-- Collected data --
--*--
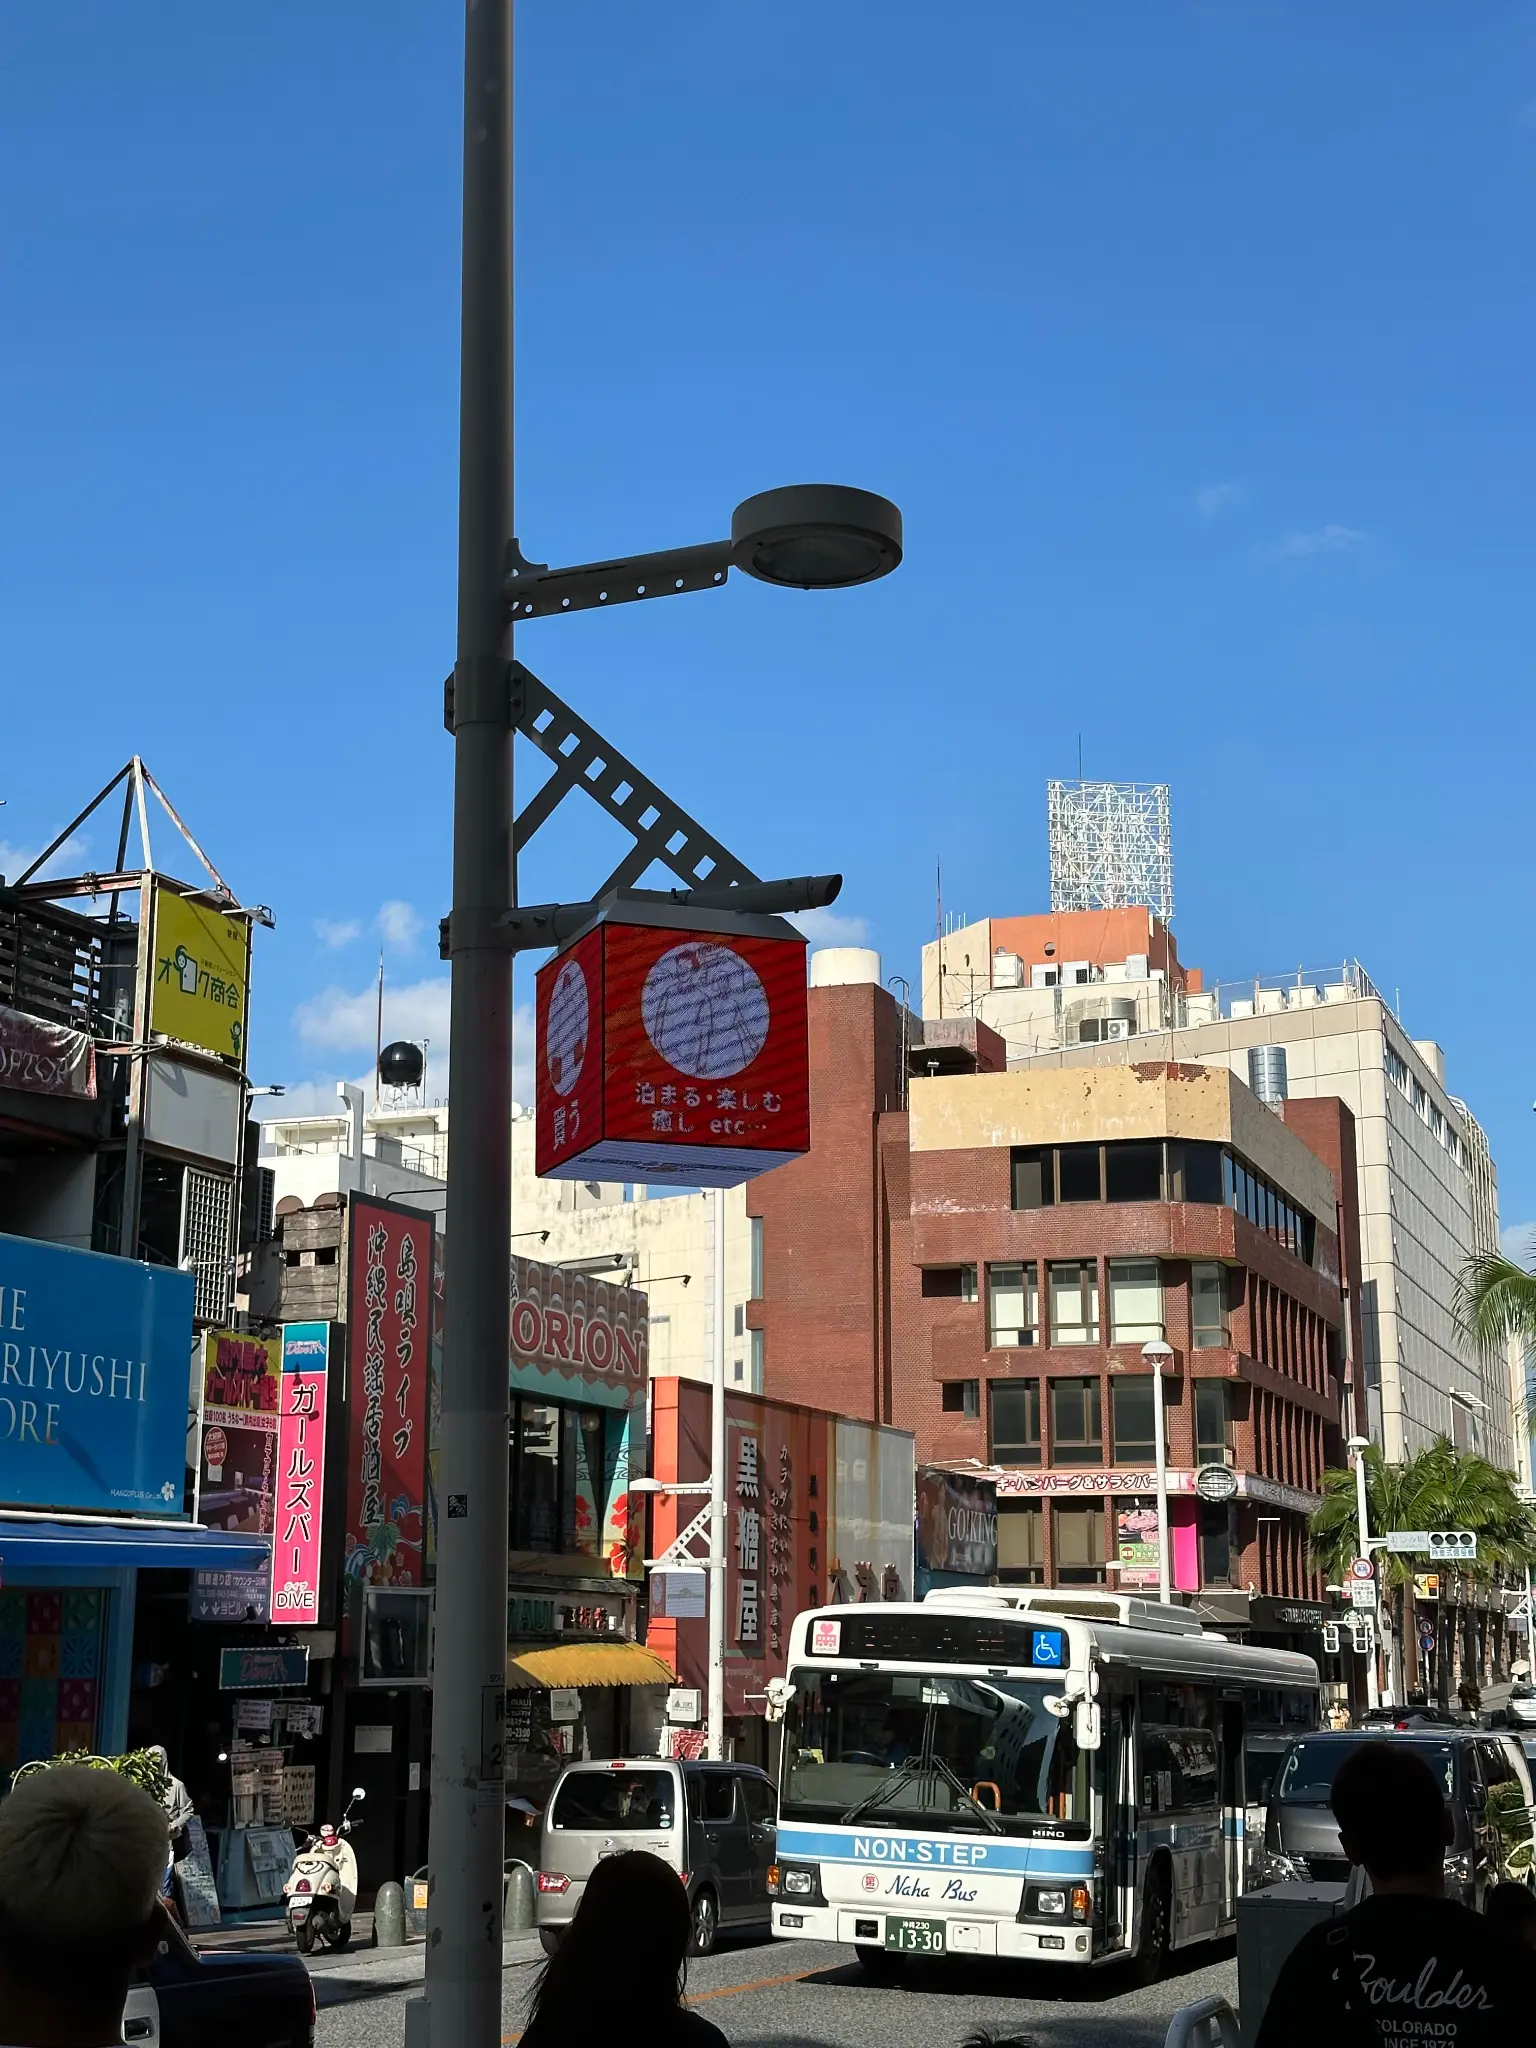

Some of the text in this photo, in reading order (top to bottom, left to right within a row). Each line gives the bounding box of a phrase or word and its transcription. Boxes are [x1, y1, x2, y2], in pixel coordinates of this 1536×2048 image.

[635, 1081, 782, 1114] 泊まる・楽しむ
[393, 1232, 418, 1460] 島唄ライブ
[510, 1300, 643, 1376] ORION
[359, 1221, 388, 1528] 沖縄民謡居酒屋
[283, 1383, 319, 1574] ガールズバー
[734, 1435, 759, 1641] 黒糖屋
[276, 1590, 315, 1610] DIVE
[1032, 1829, 1065, 1838] HINO
[853, 1837, 988, 1867] NON-STEP
[884, 1874, 978, 1902] Naha Bus
[898, 1928, 943, 1951] 13-30
[1375, 2019, 1457, 2036] OLORADO
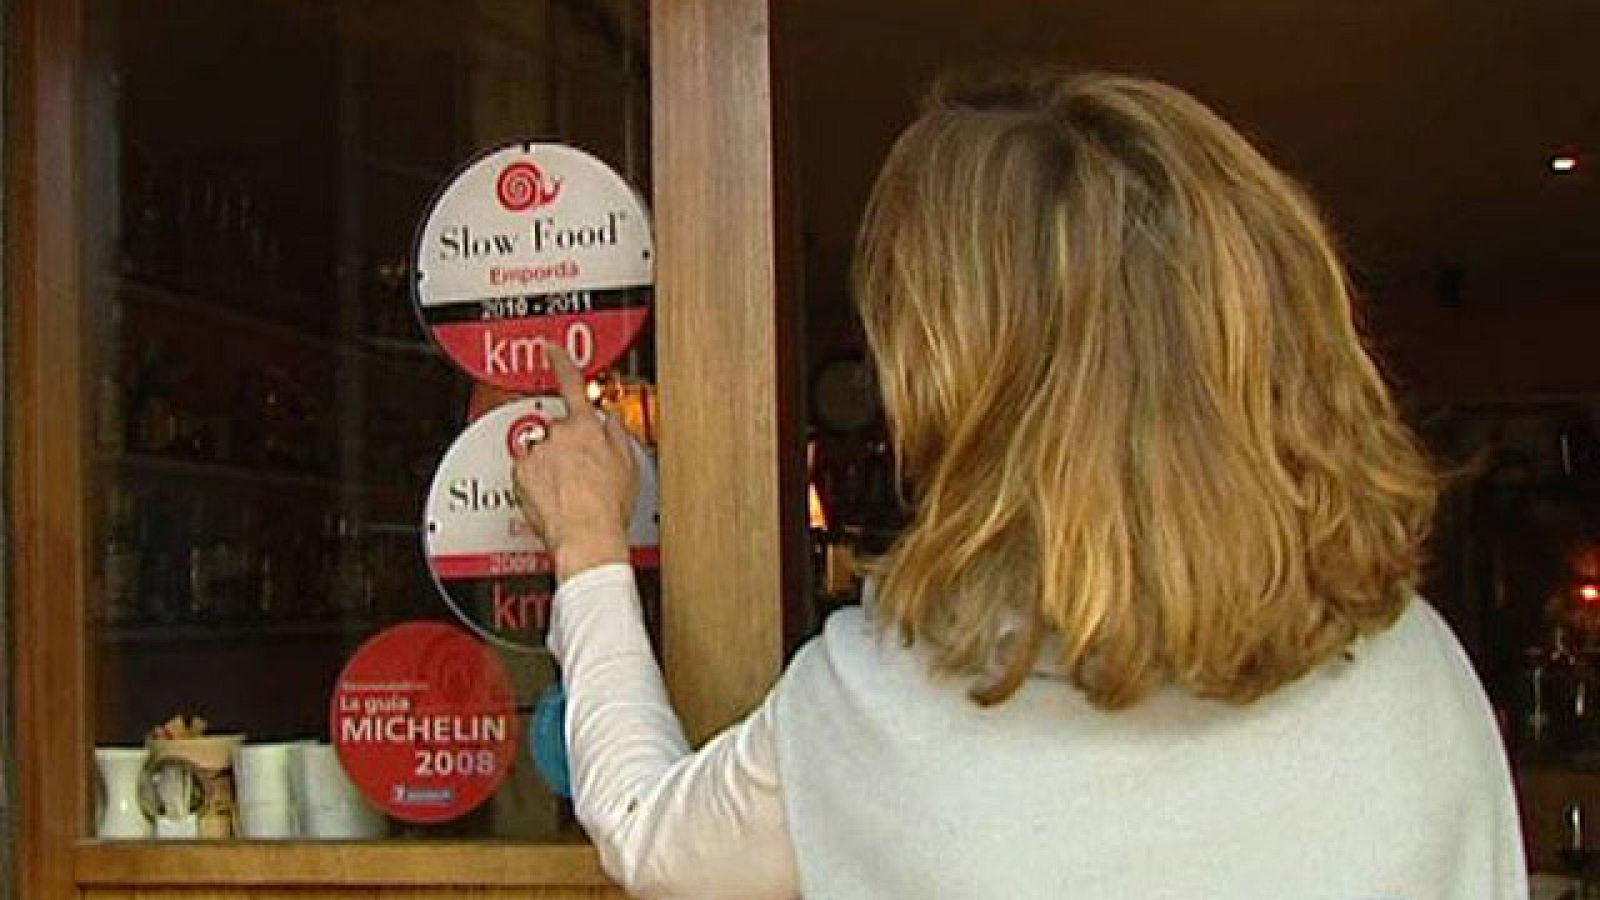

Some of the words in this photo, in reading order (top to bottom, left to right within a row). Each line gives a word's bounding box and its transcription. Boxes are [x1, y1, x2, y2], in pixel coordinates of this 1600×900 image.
--*--
Once the pictures are set aside, repeat the data above exactly.

Some of the text in this photo, in reading order (top to bottom, left to right within a row). Each line gives the bounding box of a phrase or word and its transcription. Boxes are [x1, y1, x2, y2], in pixel coordinates of this 1536×2048 image.

[635, 1081, 782, 1114] 泊まる・楽しむ
[393, 1232, 418, 1460] 島唄ライブ
[510, 1300, 643, 1376] ORION
[359, 1221, 388, 1528] 沖縄民謡居酒屋
[283, 1383, 319, 1574] ガールズバー
[734, 1435, 759, 1641] 黒糖屋
[276, 1590, 315, 1610] DIVE
[1032, 1829, 1065, 1838] HINO
[853, 1837, 988, 1867] NON-STEP
[884, 1874, 978, 1902] Naha Bus
[898, 1928, 943, 1951] 13-30
[1375, 2019, 1457, 2036] OLORADO

Some of the words in this photo, in reading order (top to bottom, left to right within a row). Each line gives a word's bounding box and its transcription. Boxes are [x1, y1, x2, y2], in pixel coordinates of this 1600×900 image.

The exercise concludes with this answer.